## WHAT IS BEING ASKED:
All of the records should be restated word for word.

## DATA TO USE:
■ ■ ■

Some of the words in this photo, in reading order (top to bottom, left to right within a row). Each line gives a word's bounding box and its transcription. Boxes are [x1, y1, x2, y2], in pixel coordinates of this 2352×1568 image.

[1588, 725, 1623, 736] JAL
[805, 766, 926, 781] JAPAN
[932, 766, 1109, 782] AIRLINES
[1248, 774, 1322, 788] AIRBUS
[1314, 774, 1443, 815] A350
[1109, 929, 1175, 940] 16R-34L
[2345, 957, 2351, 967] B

■ ■ ■

## EXERCISE OUTPUT:
Some of the words in this photo, in reading order (top to bottom, left to right within a row). Each line gives a word's bounding box and its transcription. Boxes are [x1, y1, x2, y2], in pixel coordinates of this 2352×1568 image.

[1588, 725, 1623, 736] JAL
[805, 766, 926, 781] JAPAN
[932, 766, 1109, 782] AIRLINES
[1248, 774, 1322, 788] AIRBUS
[1314, 774, 1443, 815] A350
[1109, 929, 1175, 940] 16R-34L
[2345, 957, 2351, 967] B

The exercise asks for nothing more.